◆ EXERCISE DESCRIPTION:
Nothing but the pictures may be left out. Restate the rest of the entries word for word.

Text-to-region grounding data
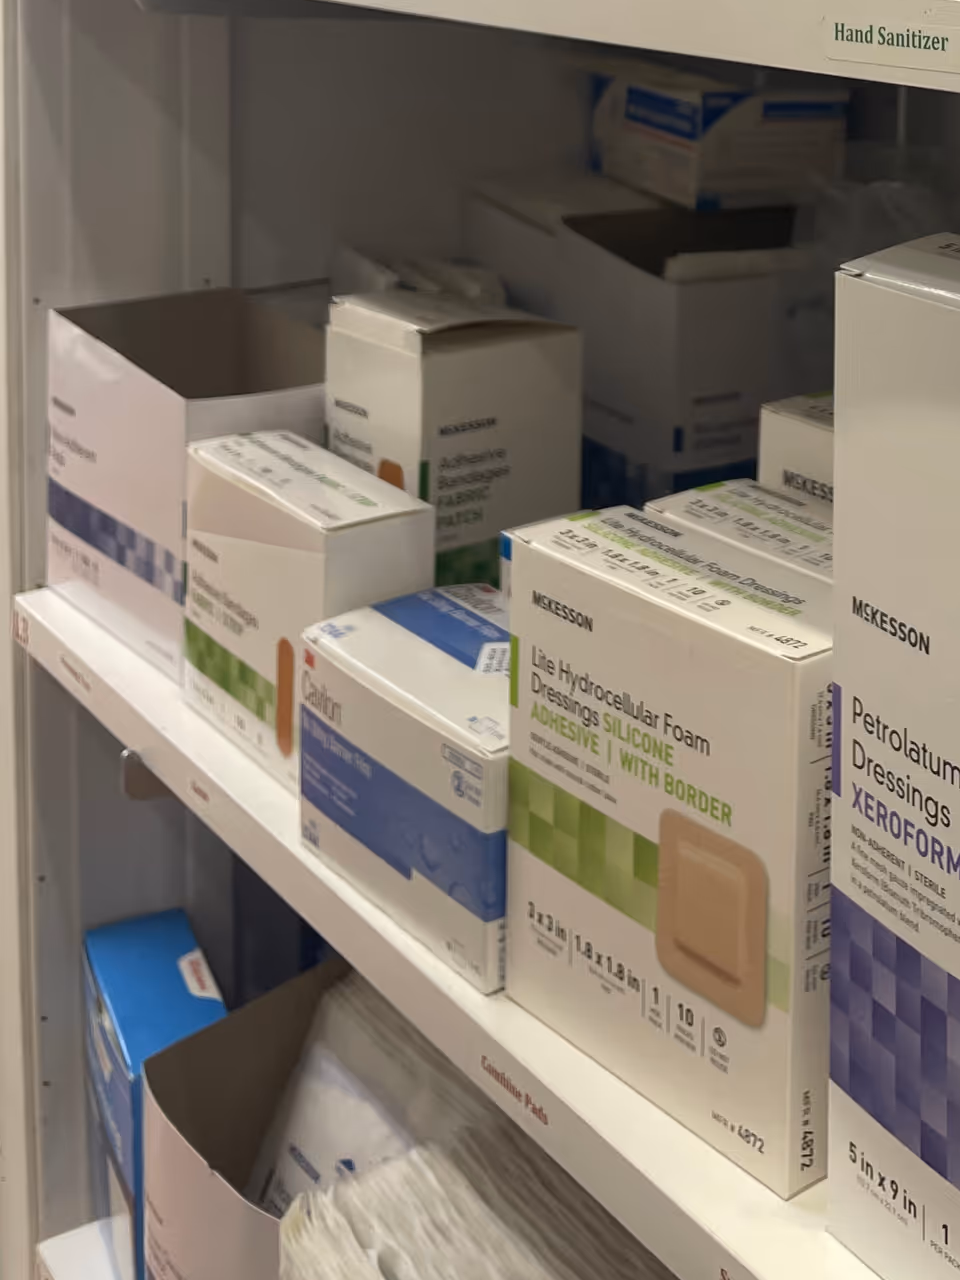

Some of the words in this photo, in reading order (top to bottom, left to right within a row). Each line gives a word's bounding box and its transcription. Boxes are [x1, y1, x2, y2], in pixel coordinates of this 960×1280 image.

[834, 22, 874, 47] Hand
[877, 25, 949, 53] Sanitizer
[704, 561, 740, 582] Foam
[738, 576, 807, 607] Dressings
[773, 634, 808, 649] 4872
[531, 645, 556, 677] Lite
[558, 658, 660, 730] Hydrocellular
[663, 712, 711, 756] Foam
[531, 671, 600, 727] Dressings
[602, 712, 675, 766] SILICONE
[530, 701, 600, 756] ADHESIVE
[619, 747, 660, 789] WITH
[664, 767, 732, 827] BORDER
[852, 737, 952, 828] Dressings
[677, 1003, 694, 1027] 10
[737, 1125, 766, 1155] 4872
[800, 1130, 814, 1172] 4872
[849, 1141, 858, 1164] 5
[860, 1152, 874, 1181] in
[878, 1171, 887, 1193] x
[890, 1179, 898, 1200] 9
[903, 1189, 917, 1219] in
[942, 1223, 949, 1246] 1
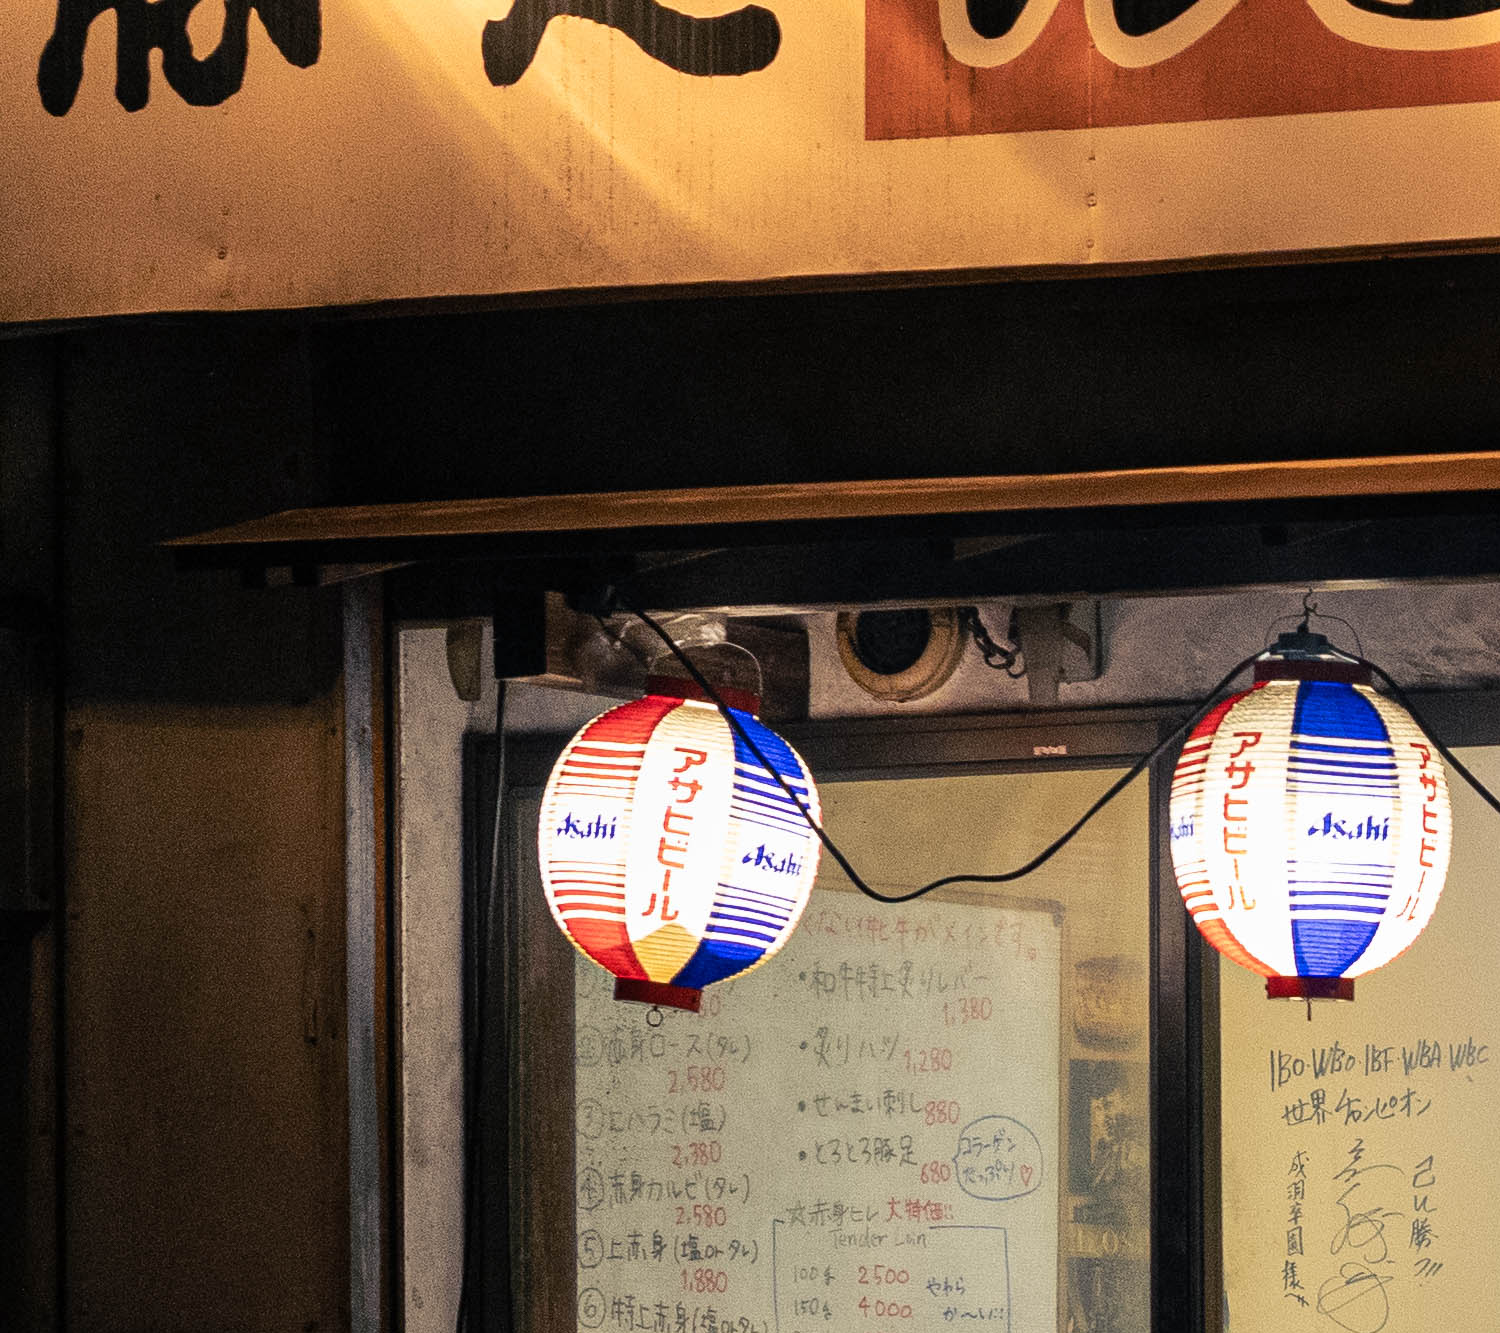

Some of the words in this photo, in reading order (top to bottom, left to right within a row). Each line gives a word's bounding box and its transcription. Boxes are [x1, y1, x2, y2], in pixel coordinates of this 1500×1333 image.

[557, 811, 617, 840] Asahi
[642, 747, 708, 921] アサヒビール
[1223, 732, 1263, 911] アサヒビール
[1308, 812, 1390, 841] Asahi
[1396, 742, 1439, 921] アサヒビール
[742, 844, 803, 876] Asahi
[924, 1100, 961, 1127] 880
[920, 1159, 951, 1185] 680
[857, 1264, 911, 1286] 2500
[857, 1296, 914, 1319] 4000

◆ WORKED SOLUTION:
Some of the words in this photo, in reading order (top to bottom, left to right within a row). Each line gives a word's bounding box and its transcription. Boxes are [x1, y1, x2, y2], in pixel coordinates of this 960×1280 image.

[834, 22, 874, 47] Hand
[877, 25, 949, 53] Sanitizer
[704, 561, 740, 582] Foam
[738, 576, 807, 607] Dressings
[773, 634, 808, 649] 4872
[531, 645, 556, 677] Lite
[558, 658, 660, 730] Hydrocellular
[663, 712, 711, 756] Foam
[531, 671, 600, 727] Dressings
[602, 712, 675, 766] SILICONE
[530, 701, 600, 756] ADHESIVE
[619, 747, 660, 789] WITH
[664, 767, 732, 827] BORDER
[852, 737, 952, 828] Dressings
[677, 1003, 694, 1027] 10
[737, 1125, 766, 1155] 4872
[800, 1130, 814, 1172] 4872
[849, 1141, 858, 1164] 5
[860, 1152, 874, 1181] in
[878, 1171, 887, 1193] x
[890, 1179, 898, 1200] 9
[903, 1189, 917, 1219] in
[942, 1223, 949, 1246] 1

Some of the words in this photo, in reading order (top to bottom, left to right within a row). Each line gives a word's bounding box and its transcription. Boxes are [x1, y1, x2, y2], in pixel coordinates of this 1500×1333 image.

[557, 811, 617, 840] Asahi
[642, 747, 708, 921] アサヒビール
[1223, 732, 1263, 911] アサヒビール
[1308, 812, 1390, 841] Asahi
[1396, 742, 1439, 921] アサヒビール
[742, 844, 803, 876] Asahi
[924, 1100, 961, 1127] 880
[920, 1159, 951, 1185] 680
[857, 1264, 911, 1286] 2500
[857, 1296, 914, 1319] 4000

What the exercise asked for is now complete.